(Given data)
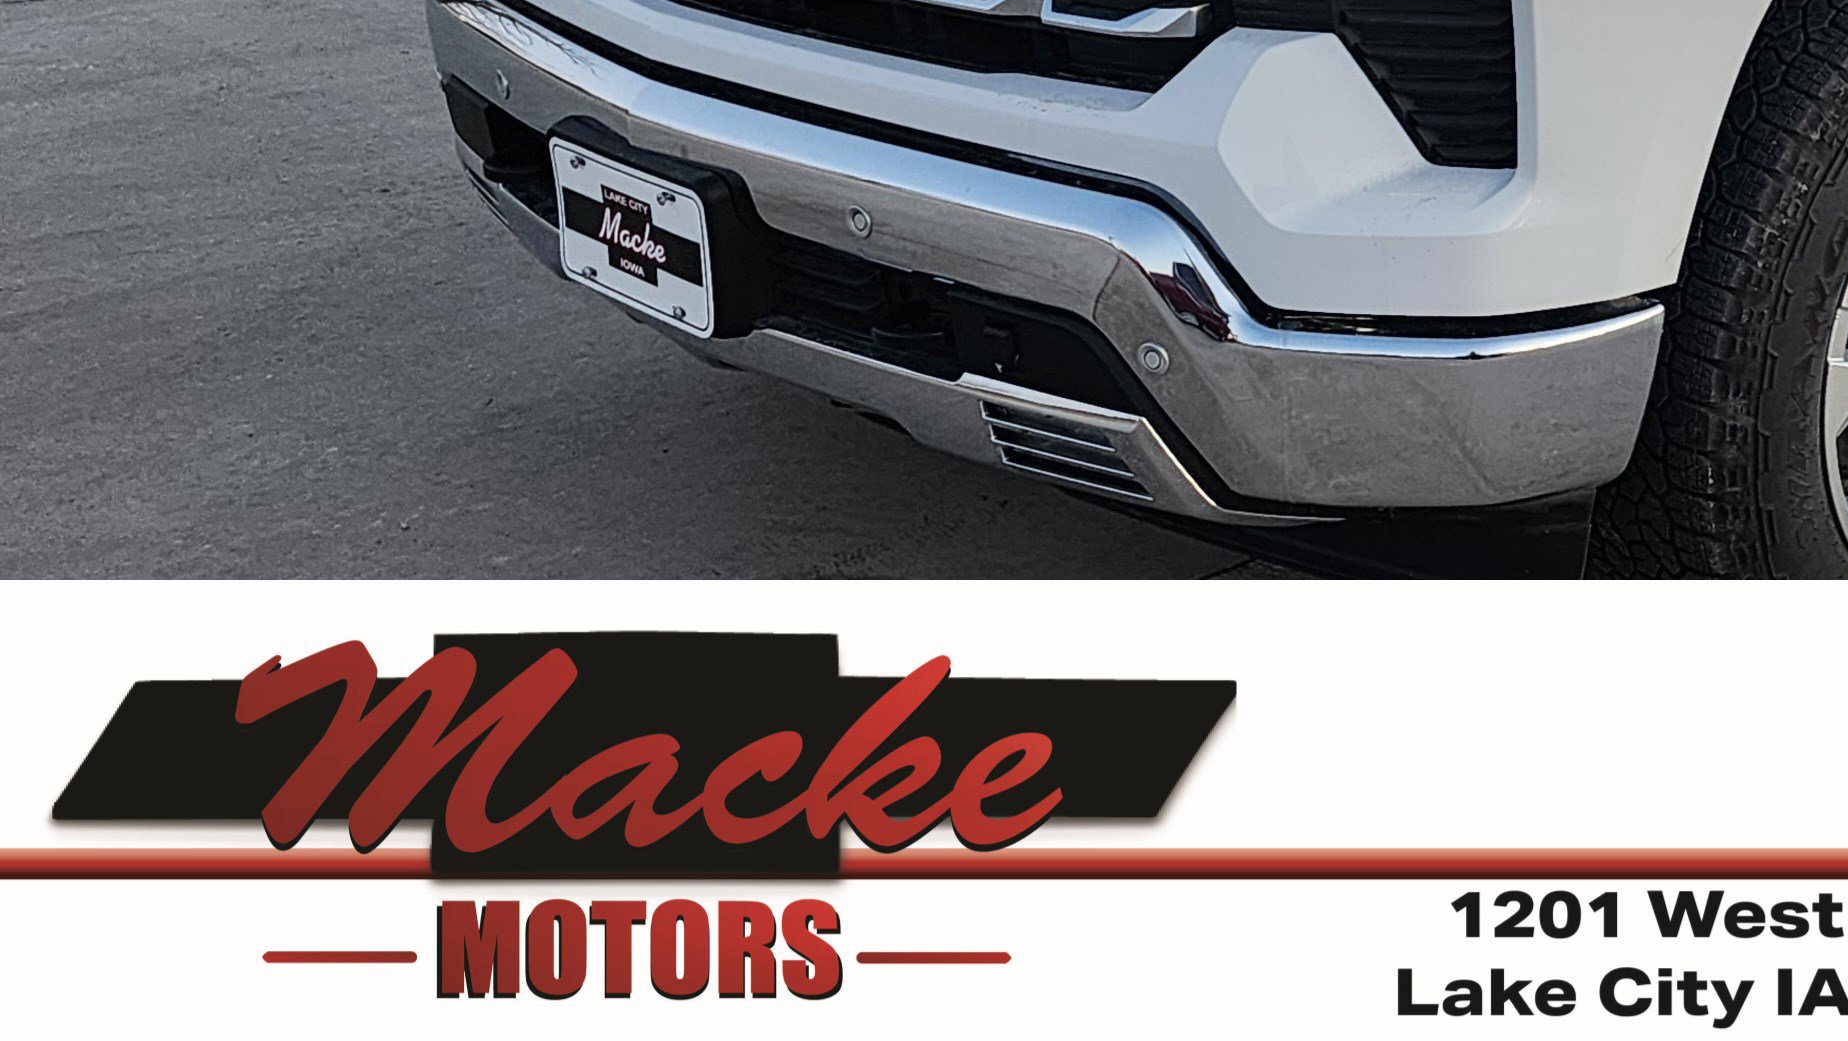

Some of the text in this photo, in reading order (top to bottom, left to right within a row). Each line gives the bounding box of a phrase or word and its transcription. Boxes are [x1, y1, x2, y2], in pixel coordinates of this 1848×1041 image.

[603, 188, 649, 216] LAKE CITY
[598, 206, 667, 264] Macke
[620, 257, 646, 278] IOWA
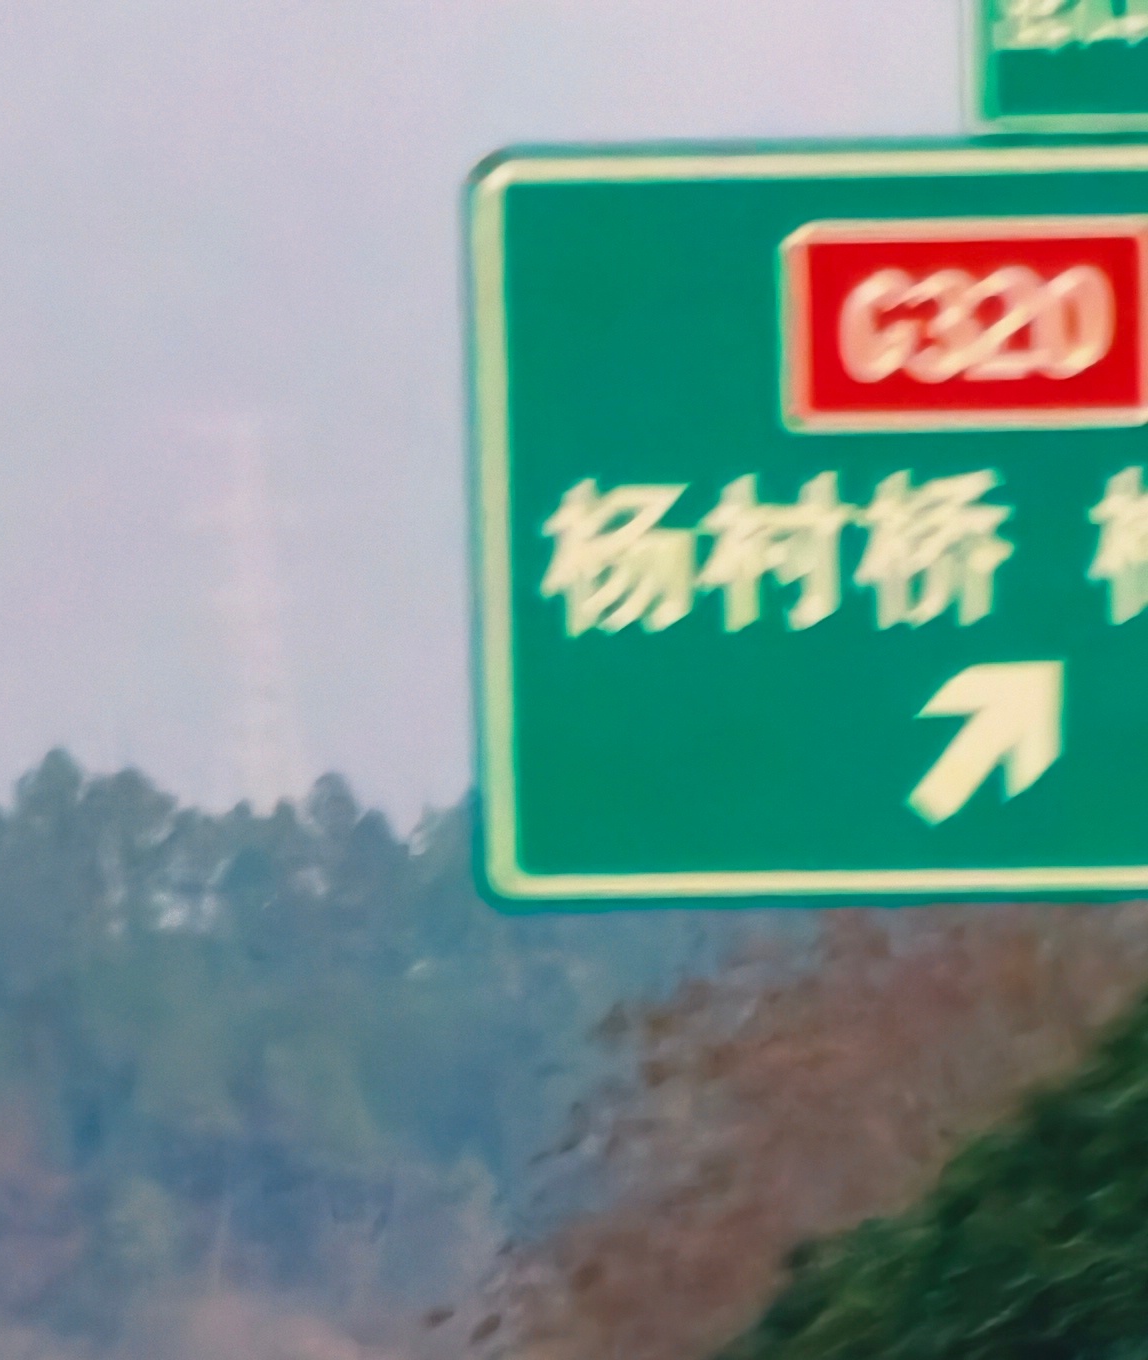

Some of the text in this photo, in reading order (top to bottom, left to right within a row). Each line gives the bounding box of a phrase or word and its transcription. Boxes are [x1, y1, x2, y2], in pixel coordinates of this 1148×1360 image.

[838, 264, 1116, 384] G320
[540, 468, 1015, 638] 杨村桥
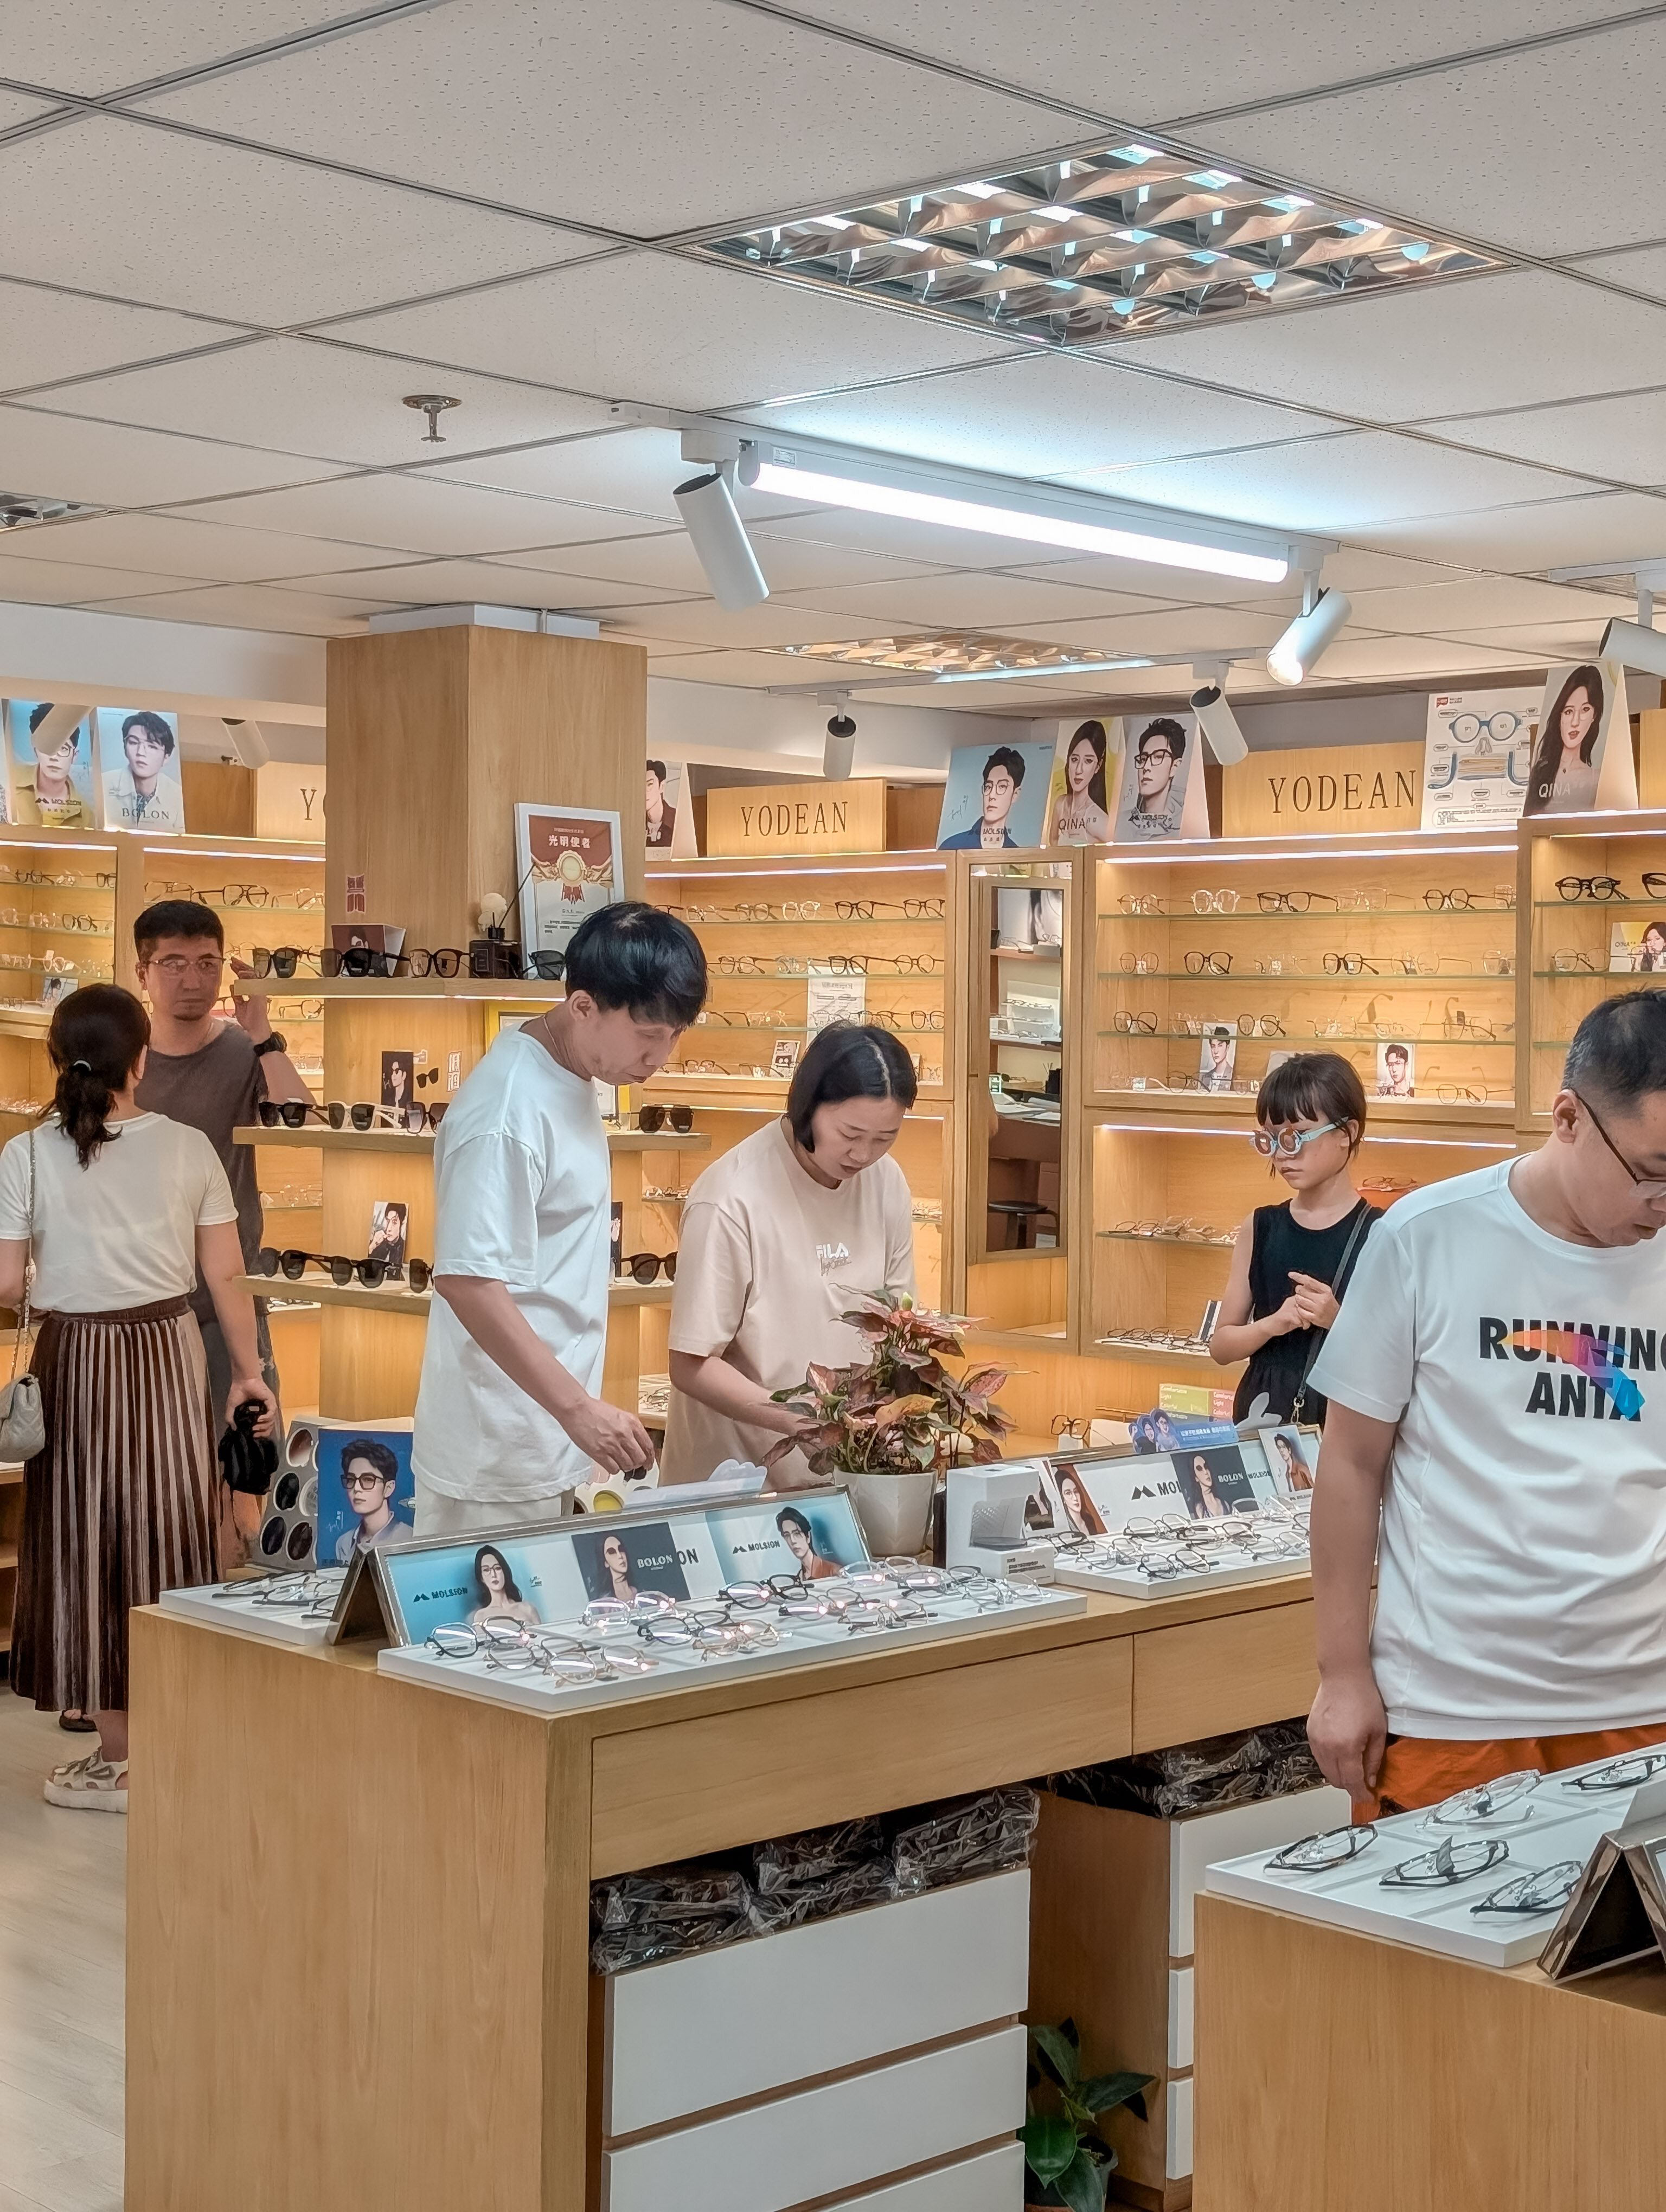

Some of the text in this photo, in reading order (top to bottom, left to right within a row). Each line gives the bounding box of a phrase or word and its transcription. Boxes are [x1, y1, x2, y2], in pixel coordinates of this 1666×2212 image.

[1268, 770, 1416, 813] YODEAN
[1539, 783, 1571, 798] QINA
[300, 788, 325, 820] Y
[122, 808, 170, 820] BOLON
[741, 801, 848, 837] YODEAN
[1058, 818, 1086, 831] QINA
[815, 1242, 849, 1259] FILA
[1479, 1317, 1666, 1372] RUNNIN
[1525, 1371, 1642, 1422] ANTA
[1218, 1472, 1244, 1483] BOLON
[748, 1540, 780, 1551] MOLSION
[637, 1554, 673, 1568] BOLON
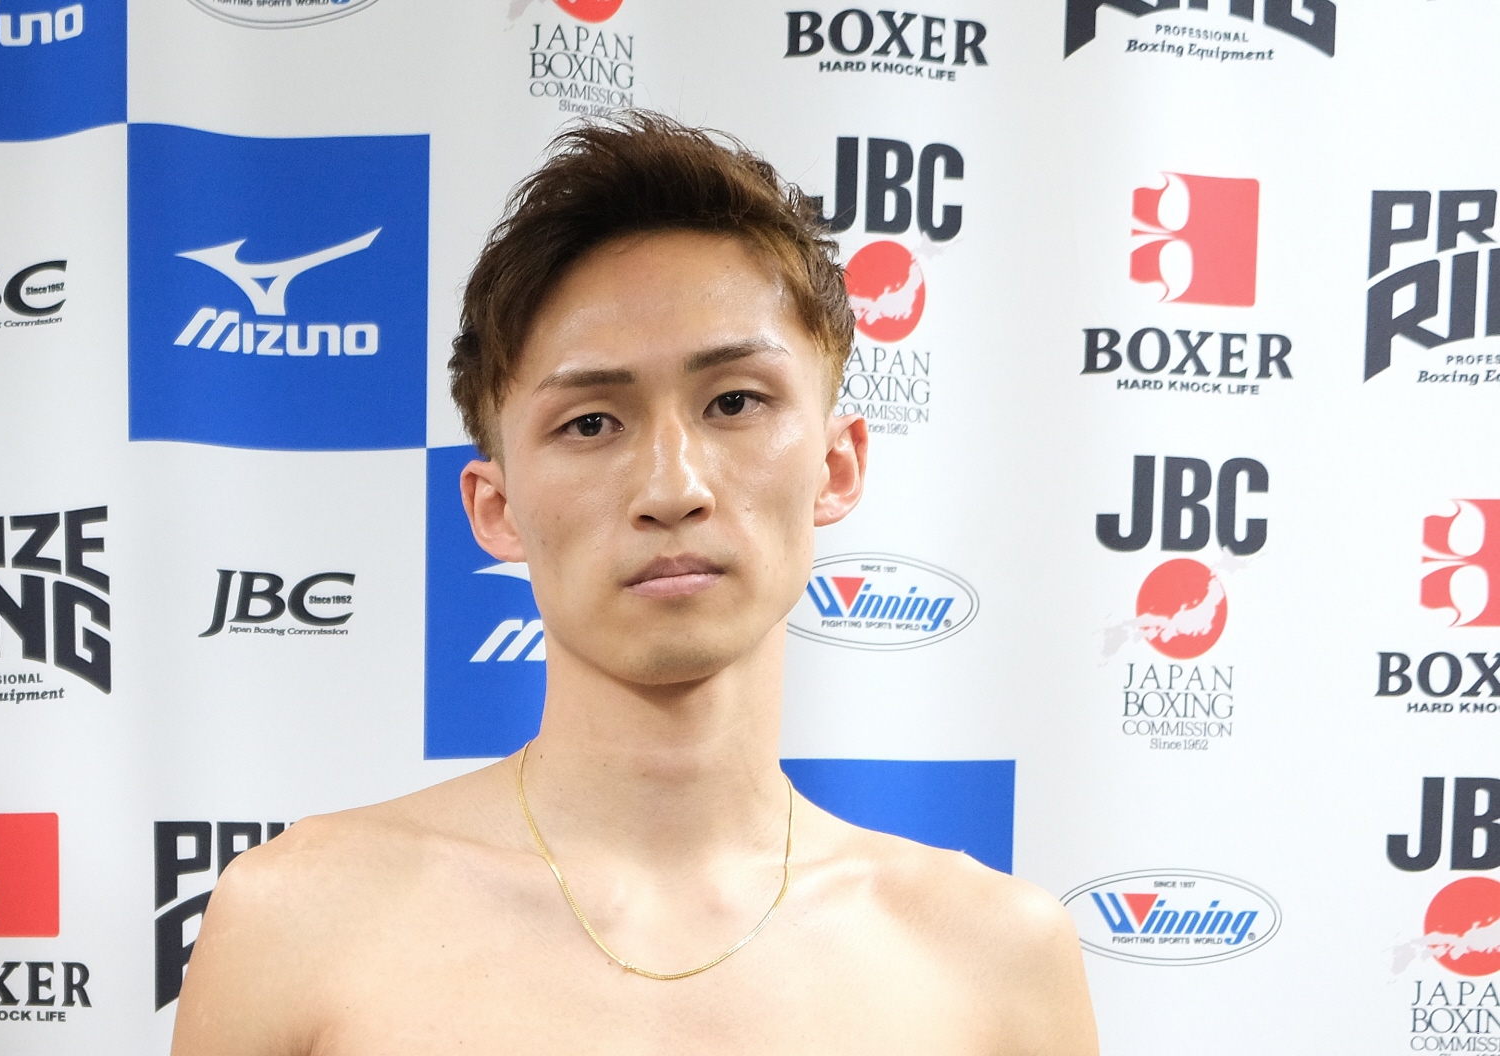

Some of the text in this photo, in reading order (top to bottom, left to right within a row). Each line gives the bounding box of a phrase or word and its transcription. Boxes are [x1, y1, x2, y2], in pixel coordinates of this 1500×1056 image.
(End Given data)
> [Task] The entries are to be printed exactly as written; the pictures are to be left out.

> [Solution to this exercise]
Some of the text in this photo, in reading order (top to bottom, left to right within a row). Each line gives the bounding box of a phrase or word and its transcription. Boxes are [x1, y1, x2, y2], in pixel coordinates of this 1848×1041 image.

[603, 188, 649, 216] LAKE CITY
[598, 206, 667, 264] Macke
[620, 257, 646, 278] IOWA

Some of the text in this photo, in reading order (top to bottom, left to right within a row). Each line gives the bounding box of a phrase or word and its transcription. Boxes are [x1, y1, x2, y2], in pixel coordinates of this 1148×1360 image.

[838, 264, 1116, 384] G320
[540, 468, 1015, 638] 杨村桥

Some of the text in this photo, in reading order (top to bottom, left to right within a row). Each line gives the bounding box of a phrase or word and its transcription. Boxes are [x1, y1, x2, y2], in pixel coordinates of this 1666×2212 image.

[1268, 770, 1416, 813] YODEAN
[1539, 783, 1571, 798] QINA
[300, 788, 325, 820] Y
[122, 808, 170, 820] BOLON
[741, 801, 848, 837] YODEAN
[1058, 818, 1086, 831] QINA
[815, 1242, 849, 1259] FILA
[1479, 1317, 1666, 1372] RUNNIN
[1525, 1371, 1642, 1422] ANTA
[1218, 1472, 1244, 1483] BOLON
[748, 1540, 780, 1551] MOLSION
[637, 1554, 673, 1568] BOLON

Some of the text in this photo, in reading order (top to bottom, left to right within a row). Each line gives the bounding box of a phrase or word and its transcription. Boxes are [x1, y1, x2, y2], in pixel coordinates of this 1500×1056 image.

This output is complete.